··· PROVIDED ENTRIES ···

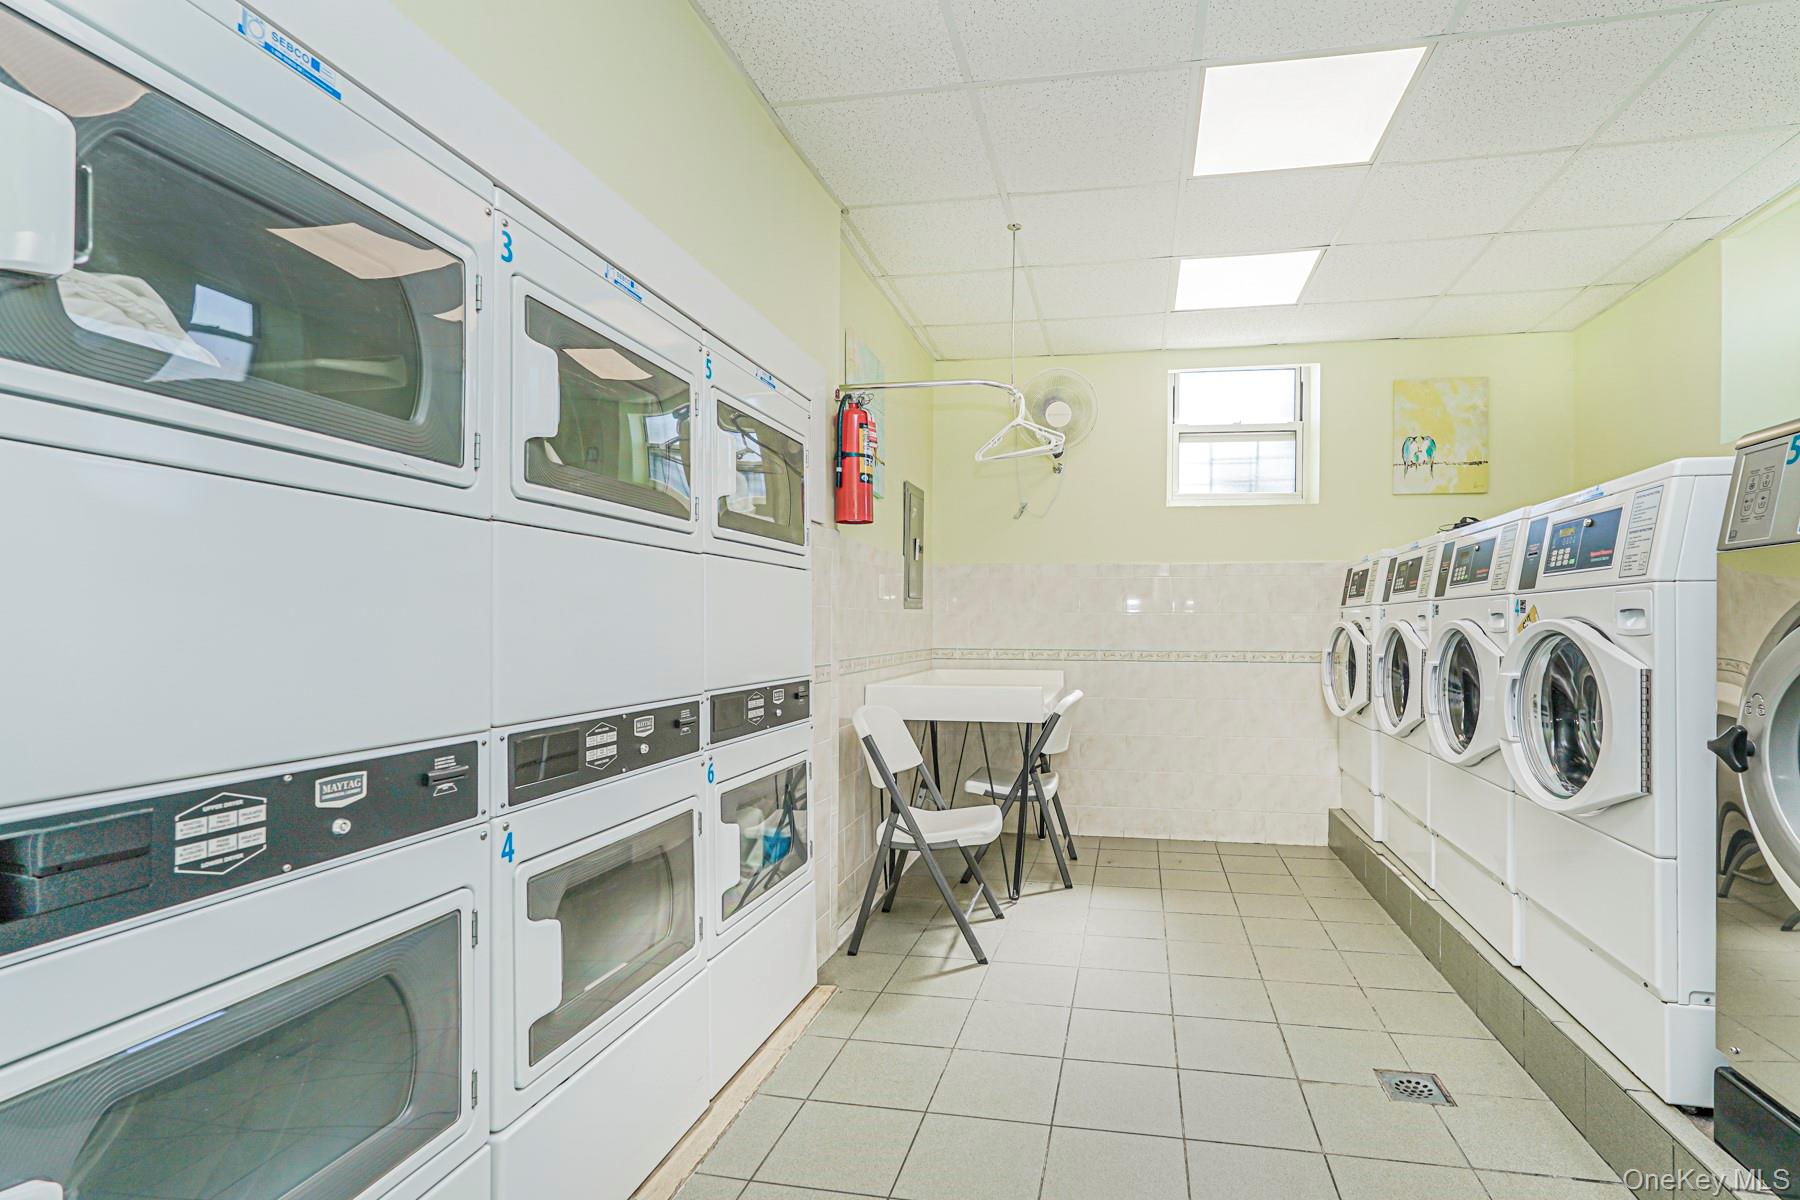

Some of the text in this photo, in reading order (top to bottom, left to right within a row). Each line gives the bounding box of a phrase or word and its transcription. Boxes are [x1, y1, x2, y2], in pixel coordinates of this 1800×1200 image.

[271, 31, 310, 64] SEBCO
[501, 230, 513, 263] 3
[706, 358, 712, 380] 5
[1786, 434, 1800, 465] 5
[322, 778, 361, 794] MAYTAG
[707, 762, 714, 784] 6
[501, 832, 514, 863] 4
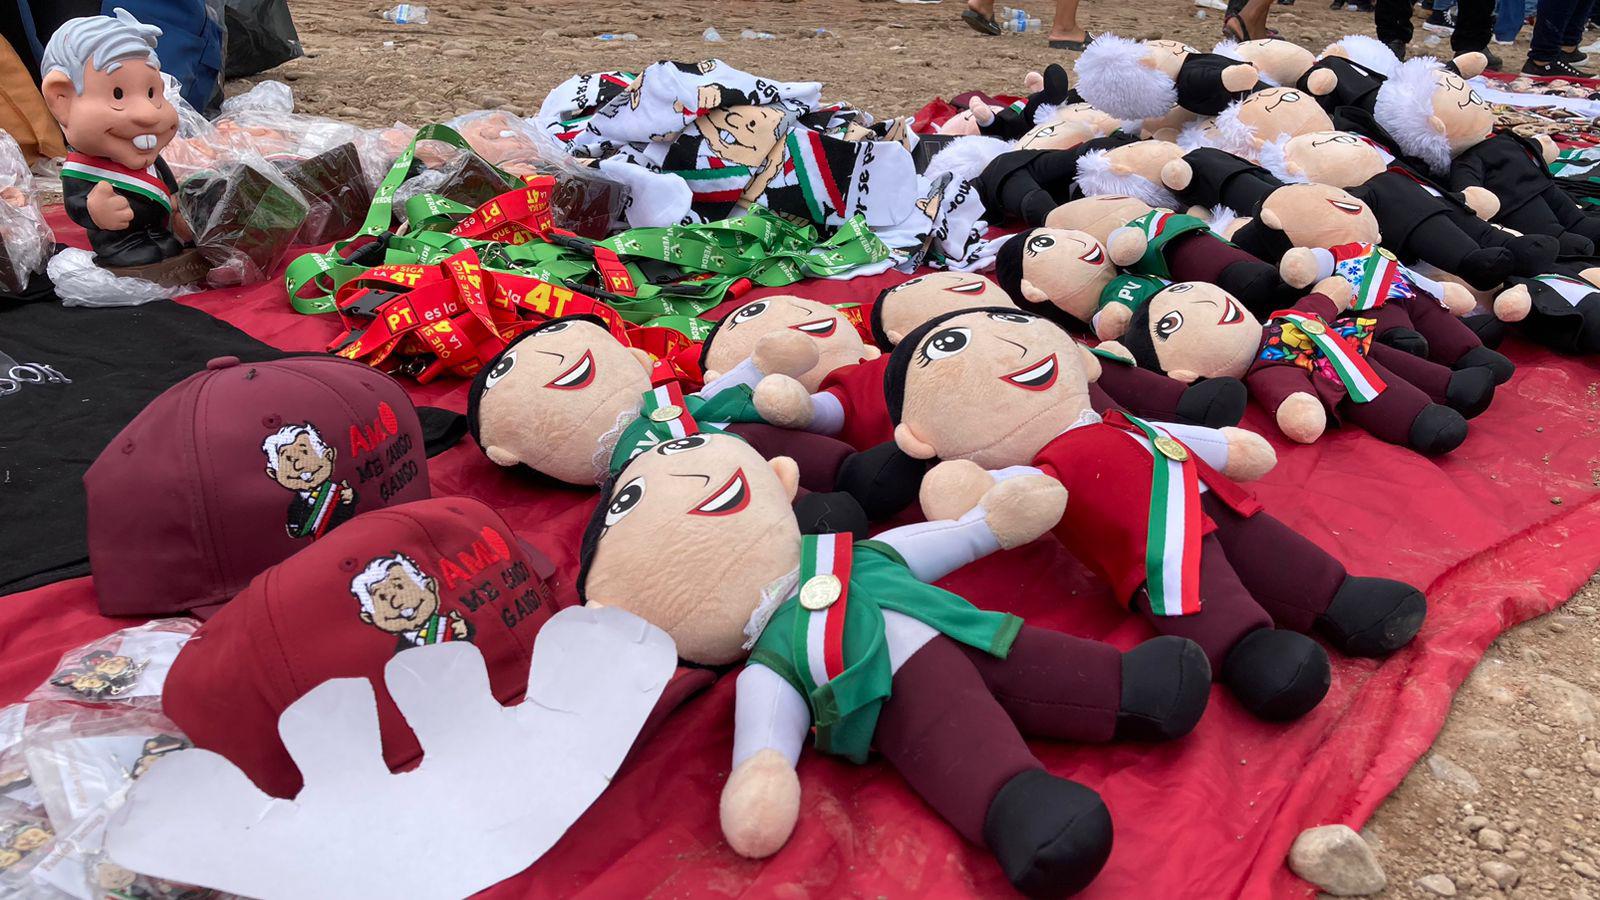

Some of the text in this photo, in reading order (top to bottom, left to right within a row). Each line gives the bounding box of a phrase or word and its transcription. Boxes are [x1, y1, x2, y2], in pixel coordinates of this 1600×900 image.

[858, 169, 870, 195] se
[424, 193, 441, 216] VERDE
[481, 202, 501, 223] PT
[492, 226, 511, 241] QUE
[662, 236, 671, 262] VERDE
[701, 245, 713, 270] VERDE
[390, 271, 421, 286] 4T
[400, 266, 425, 274] SIGA
[462, 260, 481, 290] 4T
[778, 260, 797, 283] VERDE
[461, 283, 475, 305] QUE
[613, 277, 630, 290] PT
[1117, 281, 1142, 302] PV
[474, 292, 483, 305] LA
[508, 289, 522, 305] la
[524, 282, 574, 318] 4T
[387, 306, 414, 332] PT
[424, 302, 458, 321] es la
[688, 317, 701, 341] VERDE
[431, 336, 452, 359] QUE
[449, 333, 463, 350] LA
[459, 580, 500, 613] ME
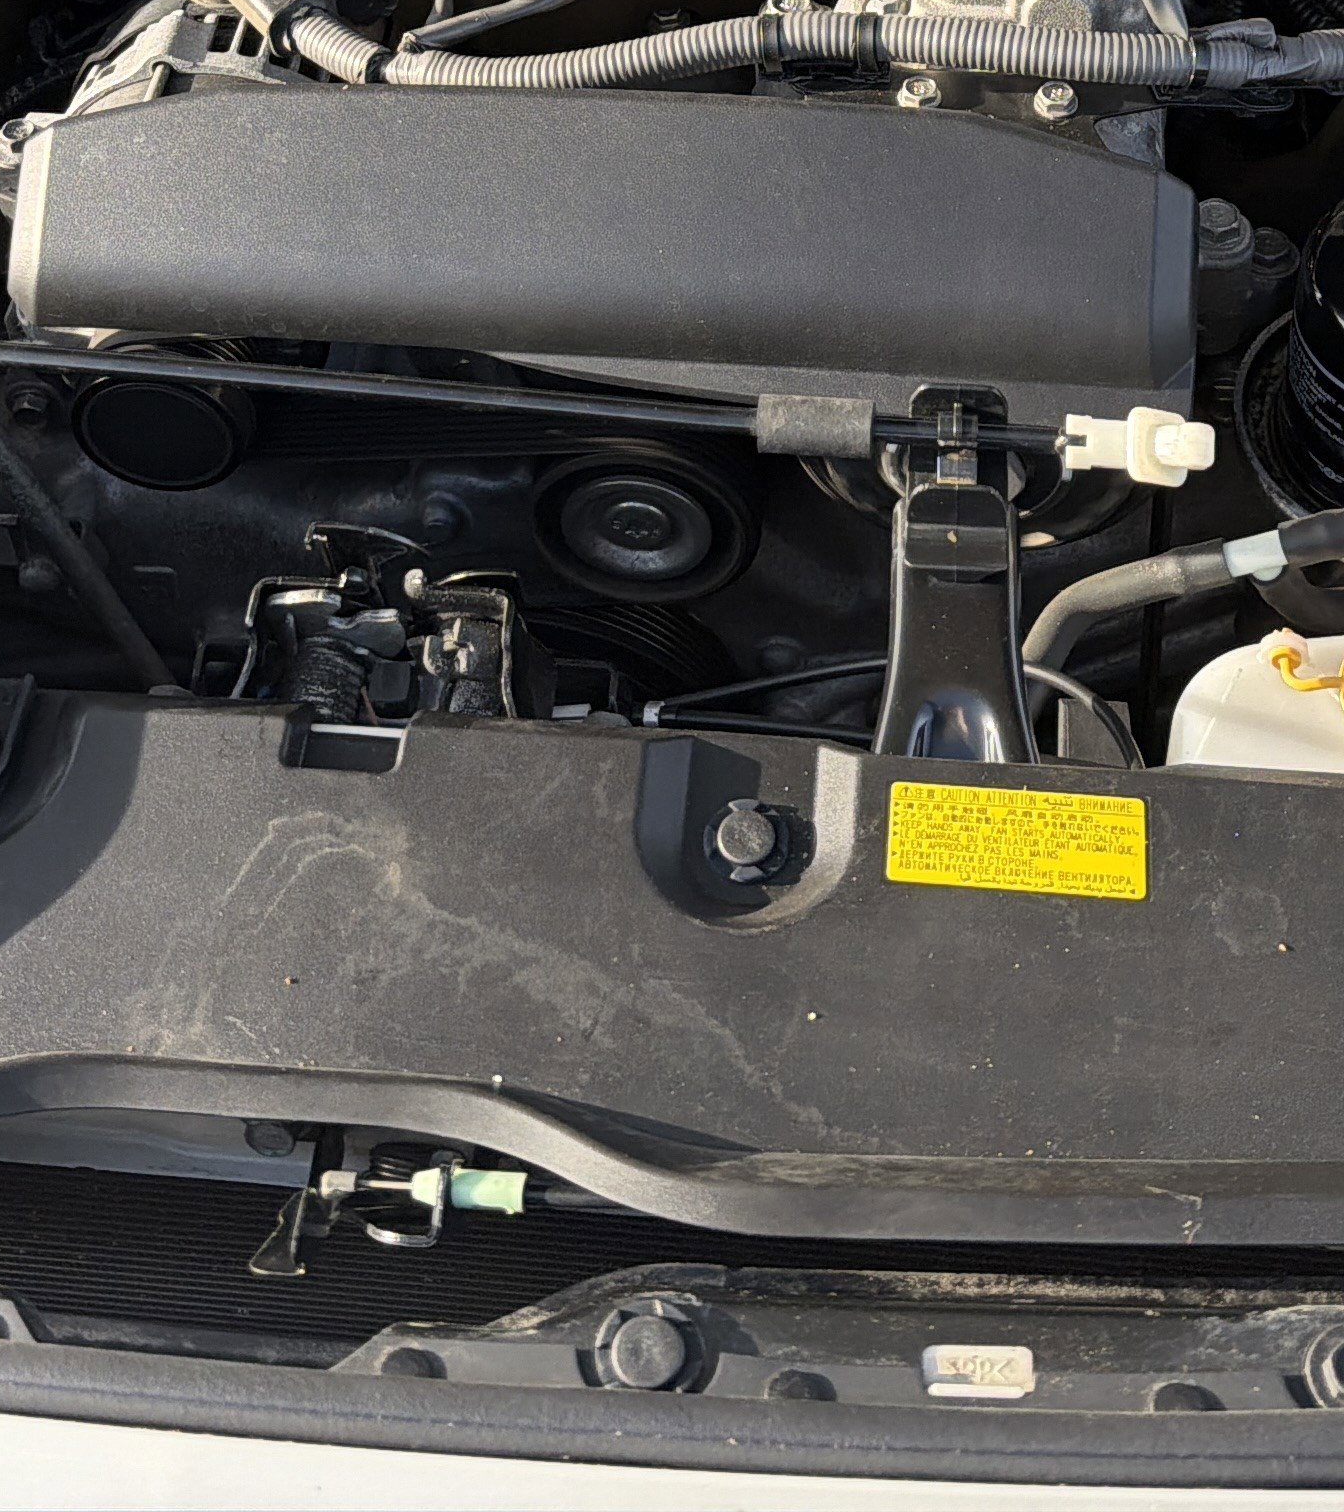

···

**WORK REQUEST:**
Hand back the records above exactly as they are, pictures excluded.

**ANSWER TO THE EXERCISE:**
Some of the text in this photo, in reading order (top to bottom, left to right within a row). Each line gives the bounding box of a phrase or word and its transcription. Boxes are [x1, y1, x2, y2], in pixel coordinates of this 1800×1200 image.

[271, 31, 310, 64] SEBCO
[501, 230, 513, 263] 3
[706, 358, 712, 380] 5
[1786, 434, 1800, 465] 5
[322, 778, 361, 794] MAYTAG
[707, 762, 714, 784] 6
[501, 832, 514, 863] 4

Some of the text in this photo, in reading order (top to bottom, left to right within a row). Each line gives the bounding box of a phrase or word and its transcription. Boxes are [x1, y1, x2, y2], in pixel coordinates of this 1600×900 image.

[858, 169, 870, 195] se
[424, 193, 441, 216] VERDE
[481, 202, 501, 223] PT
[492, 226, 511, 241] QUE
[662, 236, 671, 262] VERDE
[701, 245, 713, 270] VERDE
[390, 271, 421, 286] 4T
[400, 266, 425, 274] SIGA
[462, 260, 481, 290] 4T
[778, 260, 797, 283] VERDE
[461, 283, 475, 305] QUE
[613, 277, 630, 290] PT
[1117, 281, 1142, 302] PV
[474, 292, 483, 305] LA
[508, 289, 522, 305] la
[524, 282, 574, 318] 4T
[387, 306, 414, 332] PT
[424, 302, 458, 321] es la
[688, 317, 701, 341] VERDE
[431, 336, 452, 359] QUE
[449, 333, 463, 350] LA
[459, 580, 500, 613] ME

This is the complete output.